SOURCE MATERIAL:
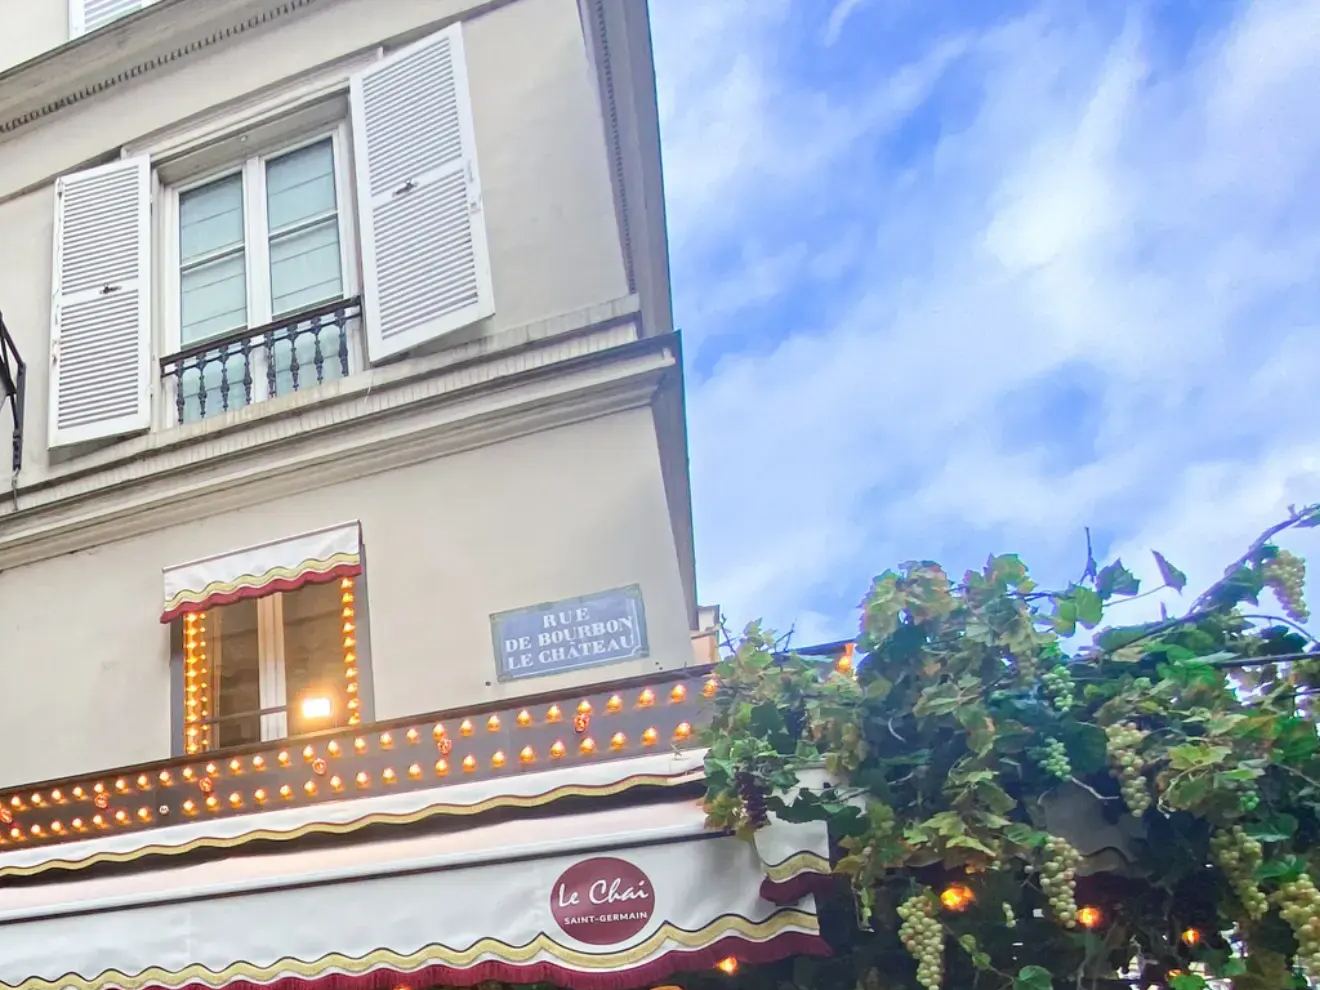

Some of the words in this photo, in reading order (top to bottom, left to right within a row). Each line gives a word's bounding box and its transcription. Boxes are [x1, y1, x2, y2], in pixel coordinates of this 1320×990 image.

[543, 607, 589, 628] RUE
[505, 636, 532, 653] DE
[538, 615, 633, 646] BOURBON
[507, 653, 534, 670] LE
[538, 635, 634, 664] CHÂTEAU
[558, 883, 580, 908] Le
[589, 878, 649, 904] Chai
[564, 911, 648, 925] SAINT-GERMAIN
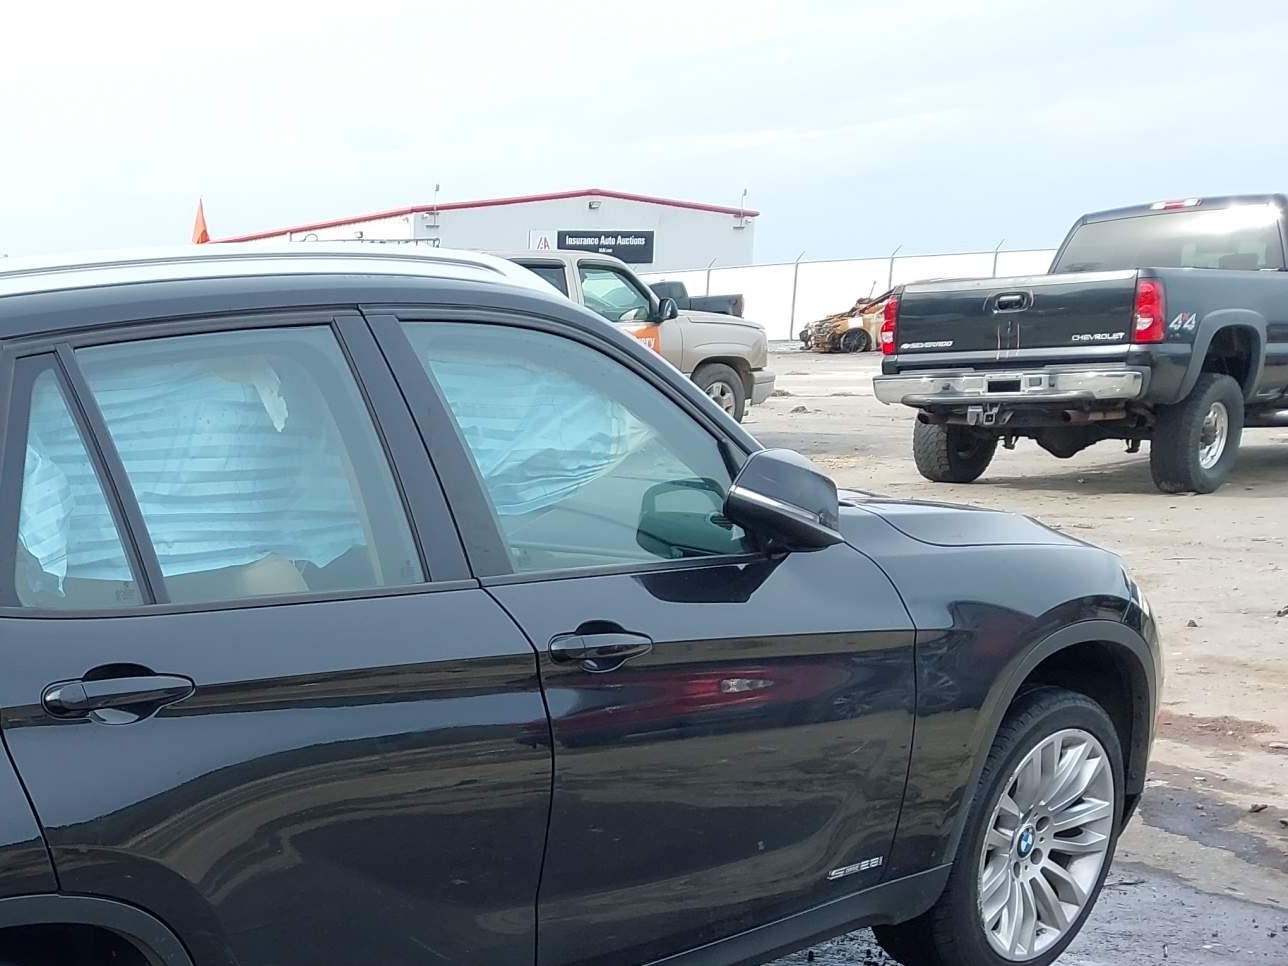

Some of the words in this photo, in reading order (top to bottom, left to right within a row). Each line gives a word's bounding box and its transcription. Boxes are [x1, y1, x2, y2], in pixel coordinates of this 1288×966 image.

[566, 235, 599, 245] Insurance
[600, 235, 616, 245] Auto
[617, 235, 646, 245] Auctions
[1072, 332, 1125, 341] CHEVROLET
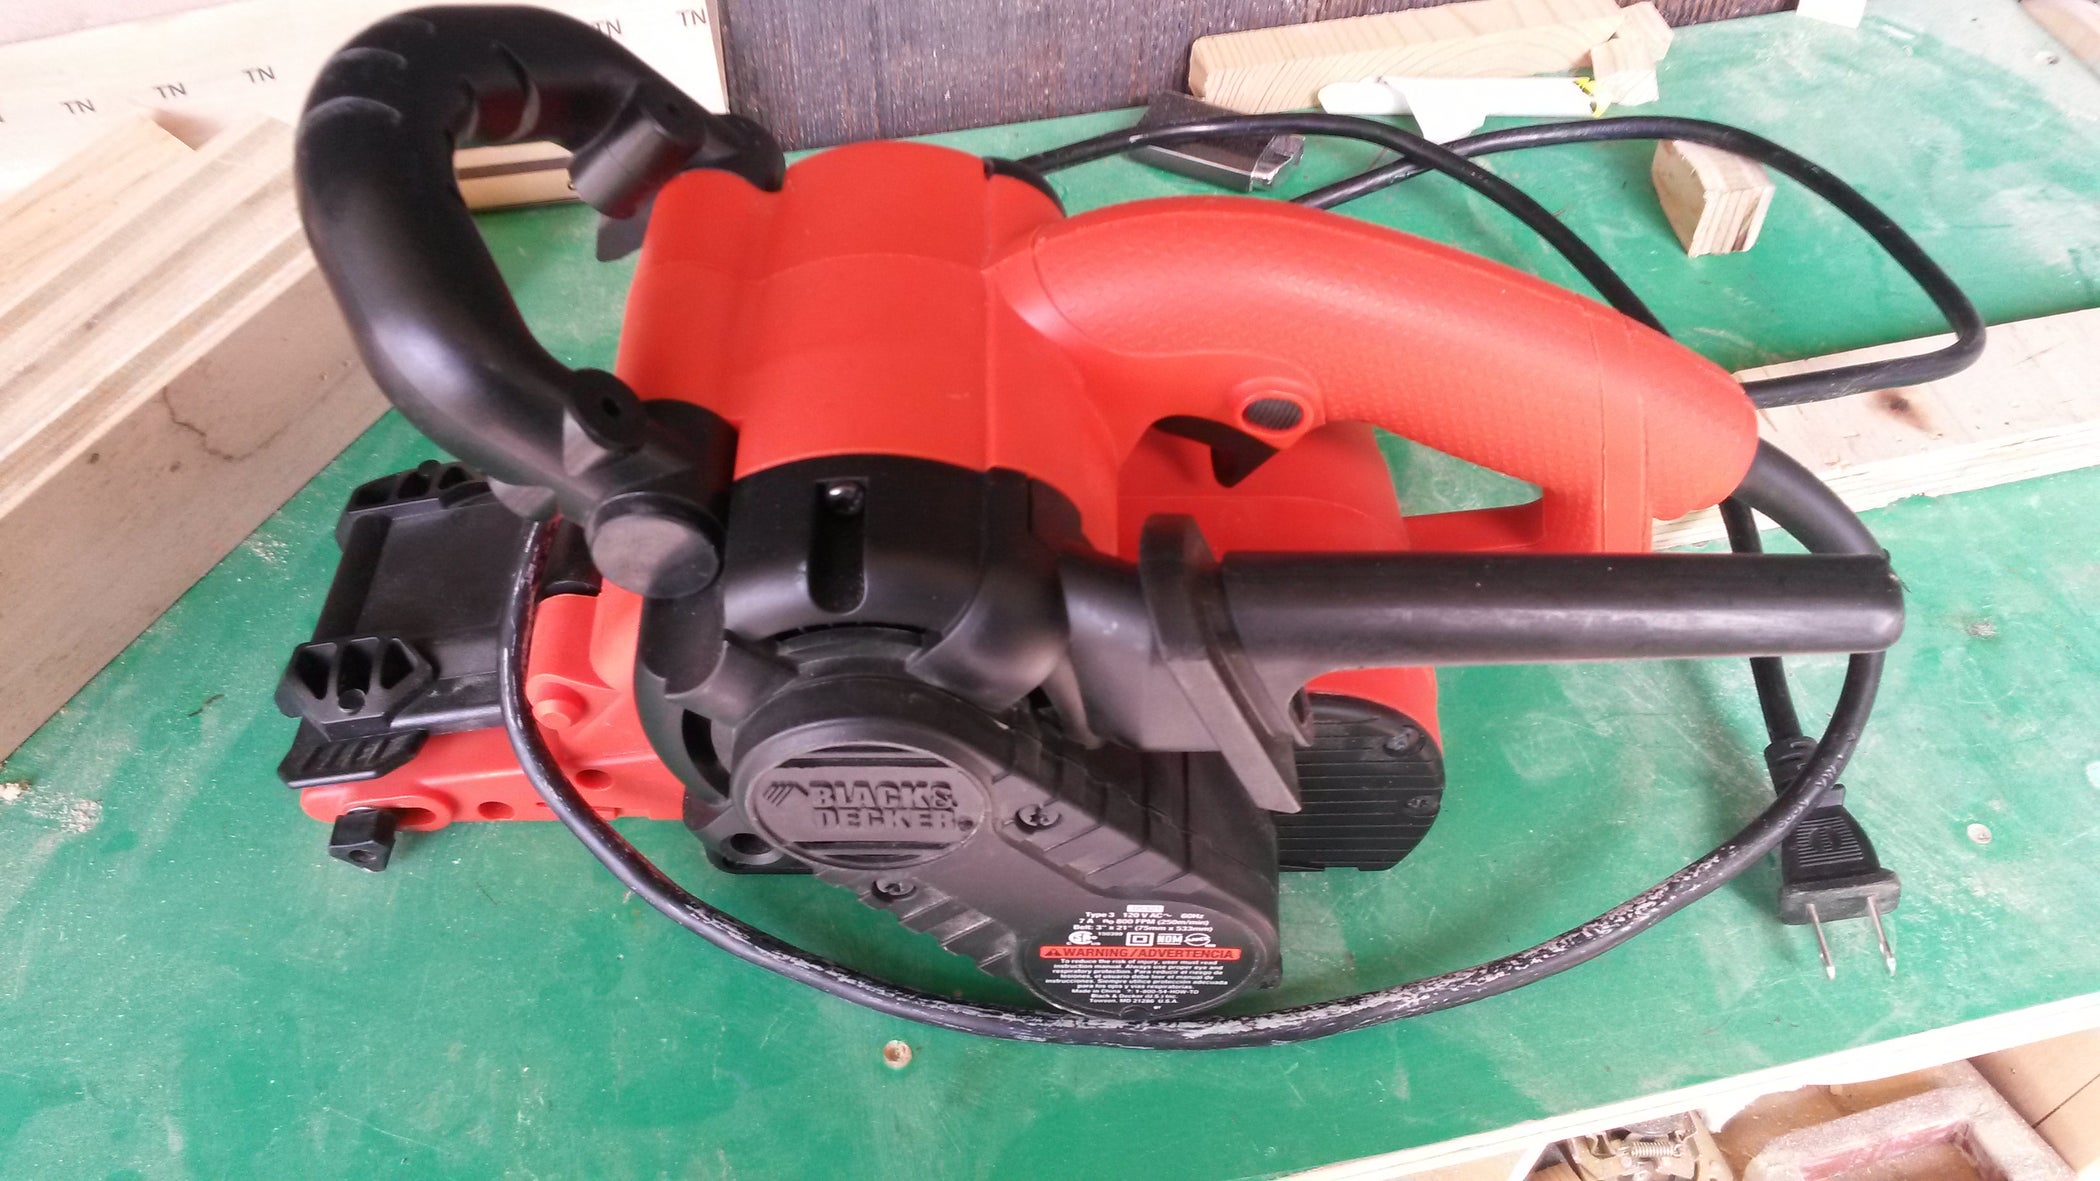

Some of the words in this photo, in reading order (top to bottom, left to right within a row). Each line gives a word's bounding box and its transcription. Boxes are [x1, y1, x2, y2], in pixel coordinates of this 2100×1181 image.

[677, 9, 706, 26] TN
[243, 66, 275, 83] TN
[154, 83, 187, 98] TN
[62, 99, 96, 114] TN
[814, 808, 957, 829] DECKER

WHAT YOU NEED TO DO: Write the material out again exactly. Skip each picture.

EXERCISE ANSWER:
Some of the words in this photo, in reading order (top to bottom, left to right within a row). Each line gives a word's bounding box and its transcription. Boxes are [x1, y1, x2, y2], in pixel coordinates of this 1320×990 image.

[543, 607, 589, 628] RUE
[505, 636, 532, 653] DE
[538, 615, 633, 646] BOURBON
[507, 653, 534, 670] LE
[538, 635, 634, 664] CHÂTEAU
[558, 883, 580, 908] Le
[589, 878, 649, 904] Chai
[564, 911, 648, 925] SAINT-GERMAIN

Some of the words in this photo, in reading order (top to bottom, left to right within a row). Each line gives a word's bounding box and its transcription. Boxes are [x1, y1, x2, y2], in pixel coordinates of this 1288×966 image.

[566, 235, 599, 245] Insurance
[600, 235, 616, 245] Auto
[617, 235, 646, 245] Auctions
[1072, 332, 1125, 341] CHEVROLET

Some of the words in this photo, in reading order (top to bottom, left to right within a row). Each line gives a word's bounding box and its transcription. Boxes are [x1, y1, x2, y2], in pixel coordinates of this 2100×1181 image.

[677, 9, 706, 26] TN
[243, 66, 275, 83] TN
[154, 83, 187, 98] TN
[62, 99, 96, 114] TN
[814, 808, 957, 829] DECKER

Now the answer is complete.